Last week, I spoke with two vice presidents of WETA about the public television station’s annual “D.C. Fireworks Extravaganza” program—-and why the archival footage, shot in 1992 on the National Mall, includes two minstrel-show songs: “Dixie,” now considered an American standard, and “Old Black Joe.”

They told me they receive one, sometimes two complaints about the selections each year. I asked if they had any plans to change the programming—-either by editing it or canceling it altogether. They said no.

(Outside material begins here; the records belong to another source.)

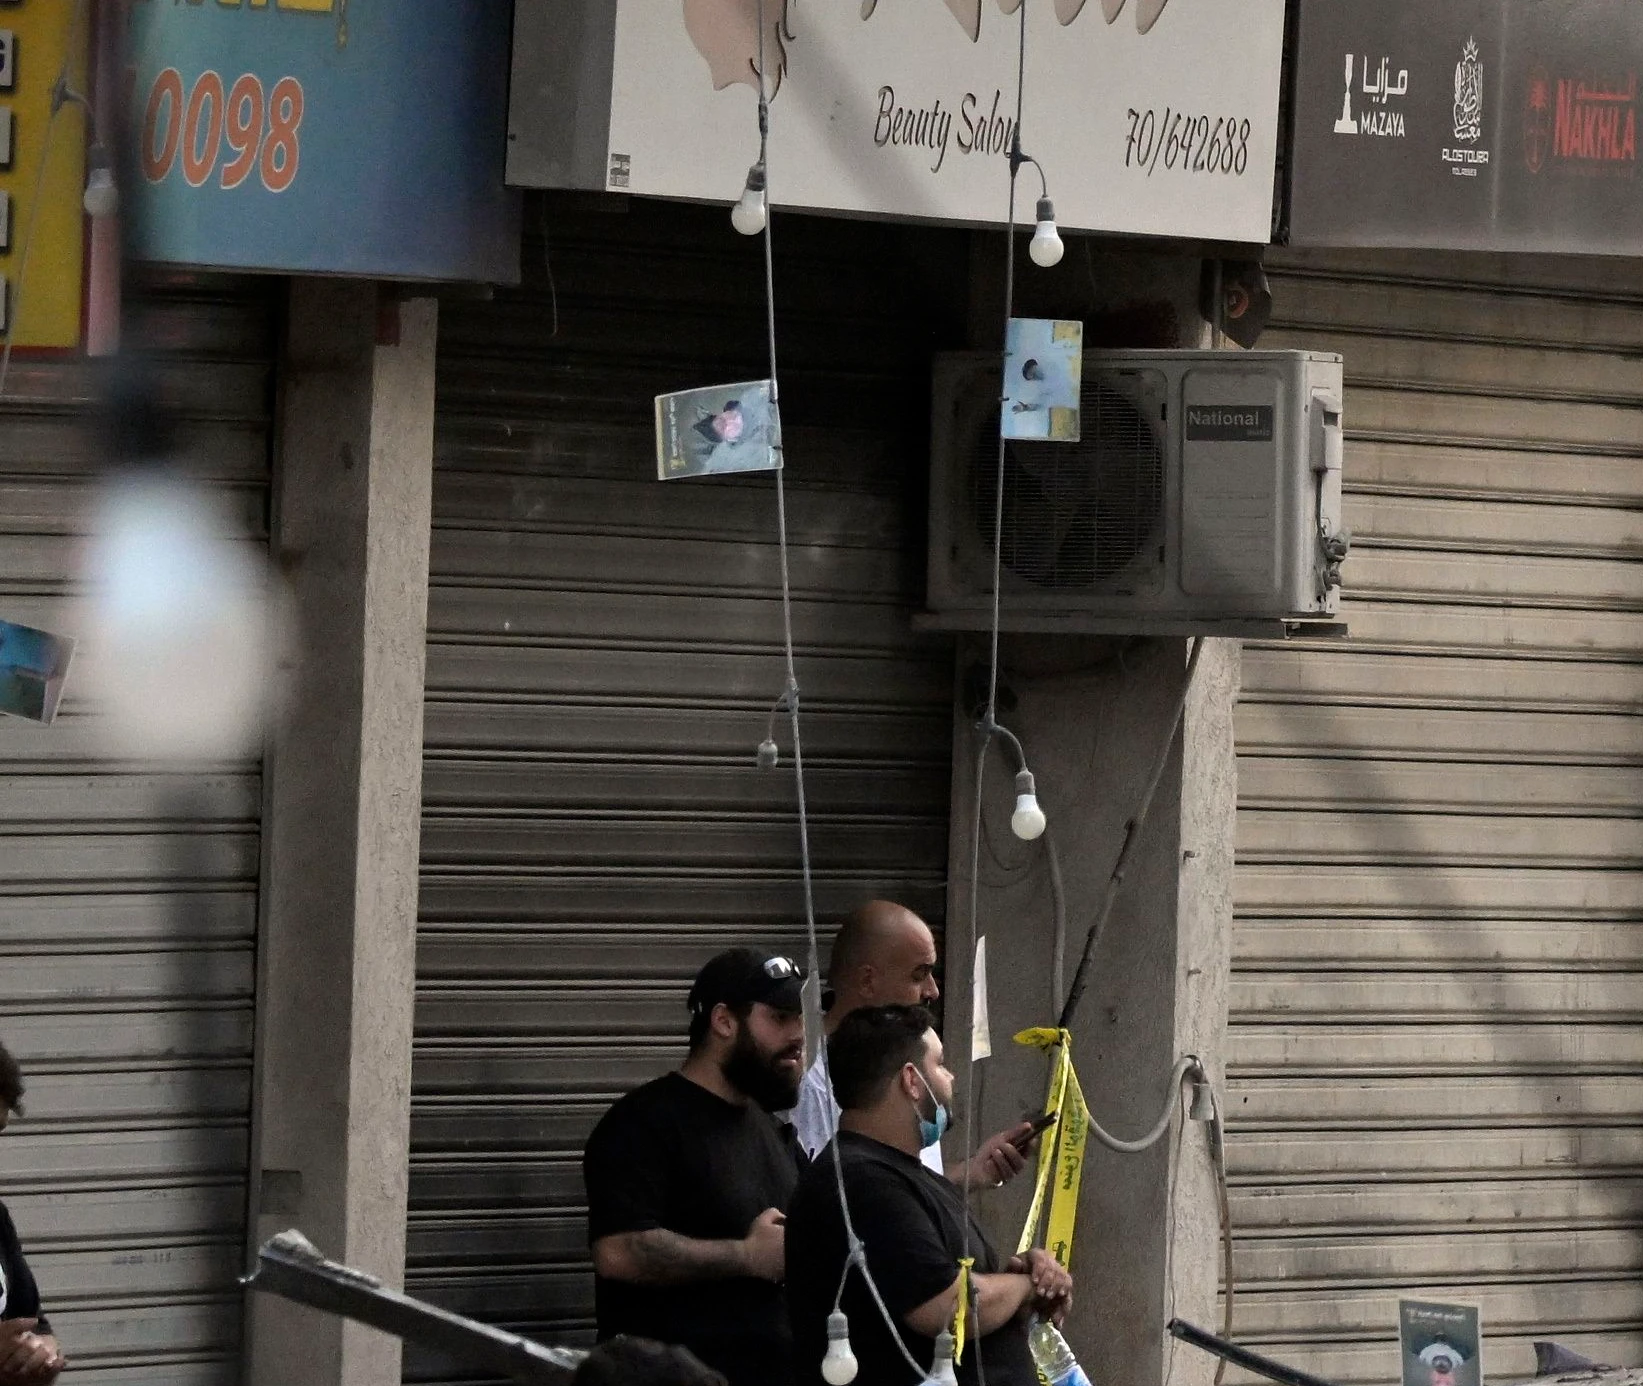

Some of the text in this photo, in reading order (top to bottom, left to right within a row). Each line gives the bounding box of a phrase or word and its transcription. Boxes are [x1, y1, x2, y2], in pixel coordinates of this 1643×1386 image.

[1363, 55, 1408, 104] مزايا
[142, 67, 304, 193] 0098
[874, 86, 1019, 173] Beauty Salon
[1125, 108, 1252, 177] 70/642688
[1361, 111, 1405, 137] MAZAYA
[1189, 409, 1259, 426] National
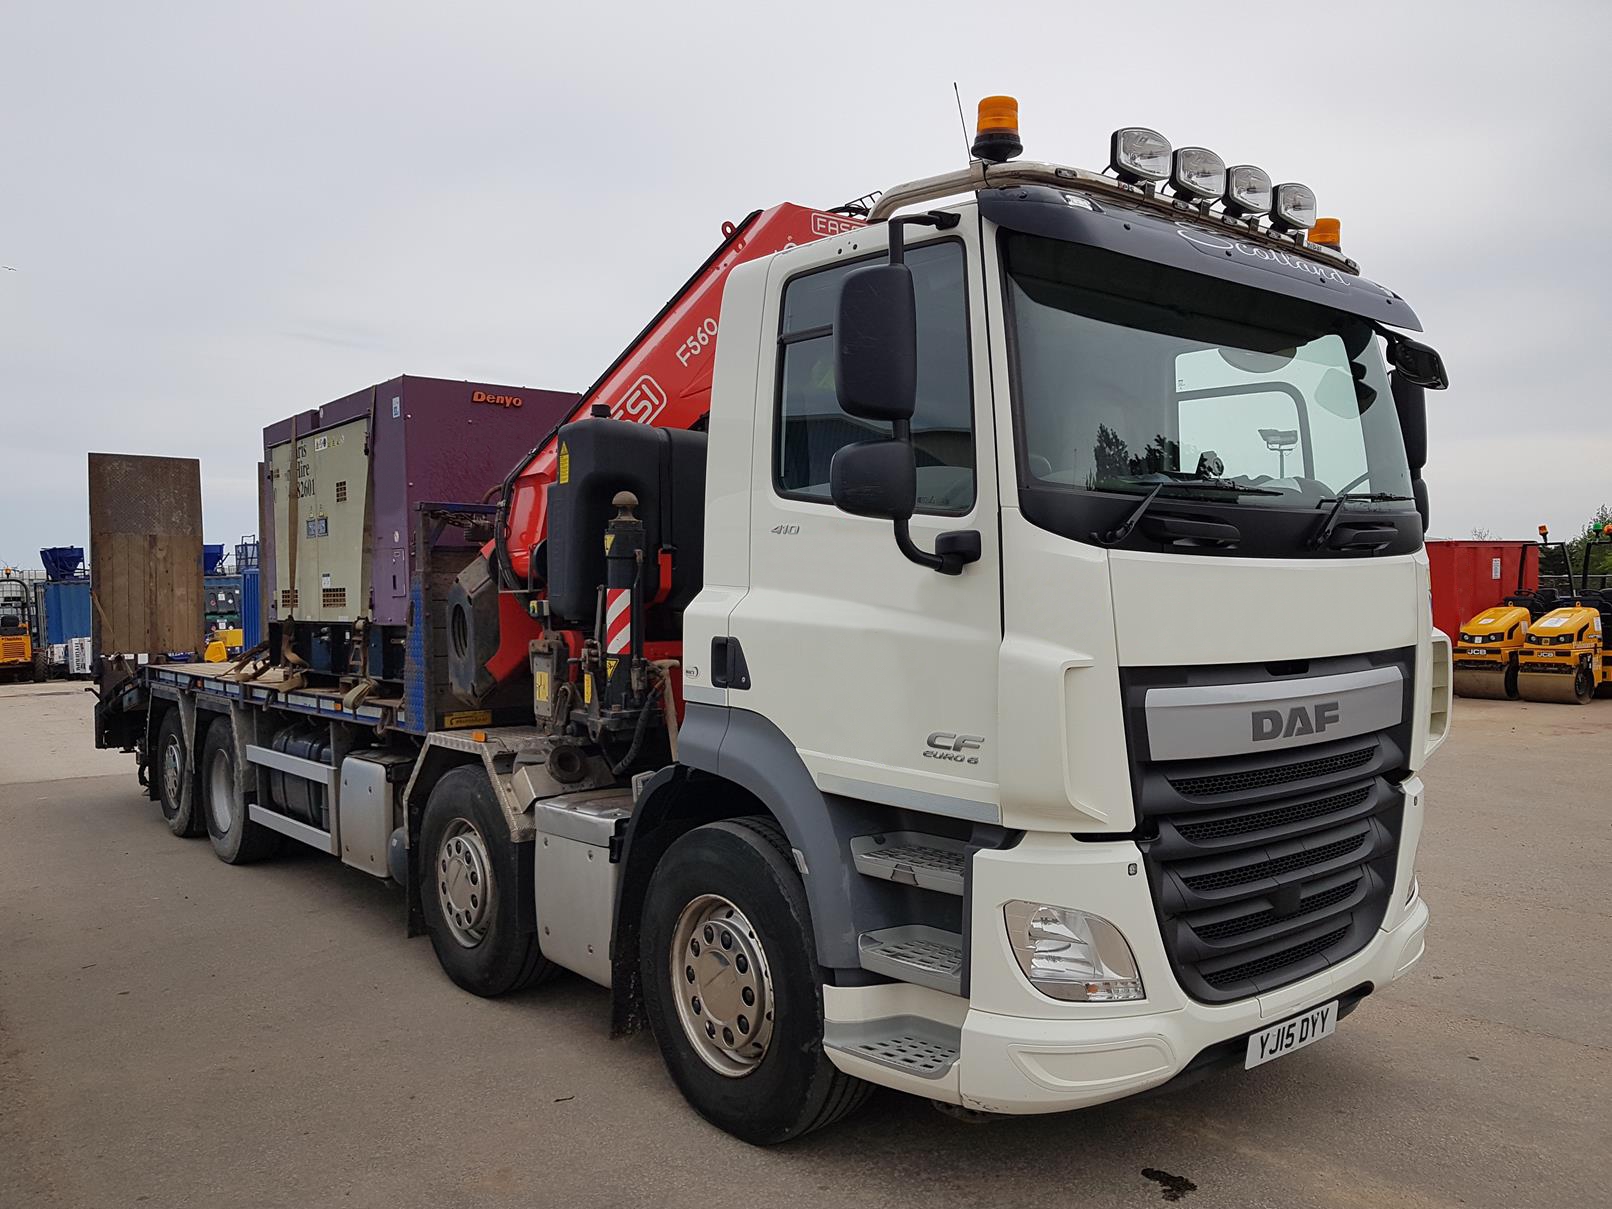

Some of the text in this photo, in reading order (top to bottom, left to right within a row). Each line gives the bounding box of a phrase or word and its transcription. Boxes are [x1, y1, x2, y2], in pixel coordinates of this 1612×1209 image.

[816, 217, 861, 235] FAS
[471, 391, 523, 407] Denyo
[770, 524, 801, 535] 410
[1467, 648, 1488, 656] JCB
[1251, 701, 1340, 742] DAF
[926, 731, 986, 752] CF
[922, 750, 979, 765] EURO 6
[1260, 1007, 1330, 1059] YJ15 DYY

If you watched WETA tonight, you saw that that was the case—-“DC Fireworks Extravaganza” aired as usual. And it turns out it includes a third minstrel-show song, “Camptown Races,” which was part of an instrumental medley that included “Dixie” and “Old Black Joe,” as well as parts of Gershwin’s Rhapsody in Blue and Dvořák’s New World Symphony, and other compositions. Presumably, the medley was going for some sort of reconciliatory North-South dichotomy.

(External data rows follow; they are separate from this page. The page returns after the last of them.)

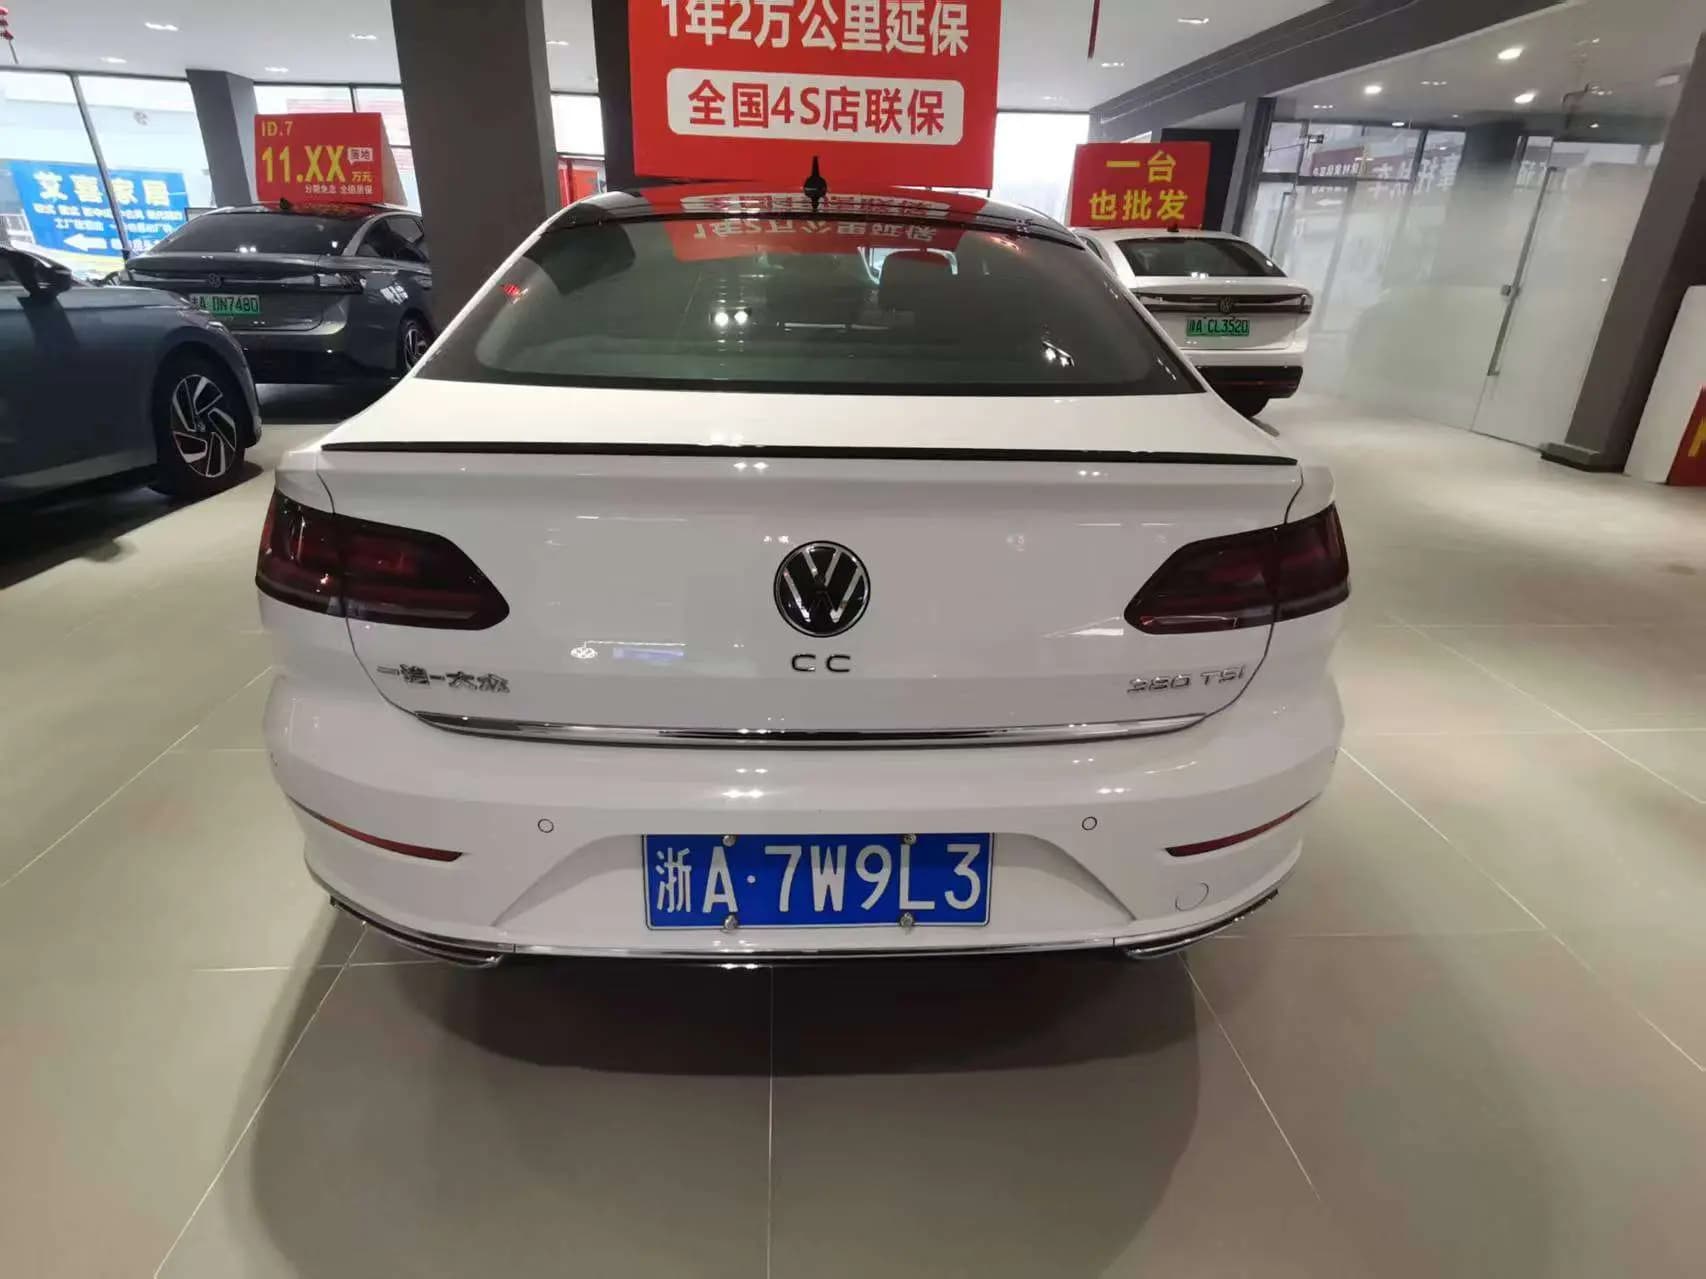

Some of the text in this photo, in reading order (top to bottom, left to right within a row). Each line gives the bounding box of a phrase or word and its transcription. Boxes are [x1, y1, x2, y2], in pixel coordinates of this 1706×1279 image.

[661, 0, 969, 56] 1年2万公里延保
[687, 78, 945, 136] 全国4S店联保
[262, 120, 293, 137] ID.7
[261, 145, 346, 184] 11.XX
[1105, 149, 1177, 183] 一台
[1088, 187, 1189, 221] 也批发
[1199, 665, 1245, 686] TSI
[656, 844, 982, 913] 浙A·7W9L3

“Dixie” reappeared later in the program, sung by Elvis Presley as part of his “American Trilogy,” which also includes the spiritual “All My Trials” and “The Battle Hymn of the Republic.”

The footage is shown each year between broadcasts of the “A Capital Fourth” concert on the mall. In 1992, a WETA production truck captured the footage. The music was programmed that night by radio station WMAL, according to Kevin Harris, a vice president and general manager of WETA.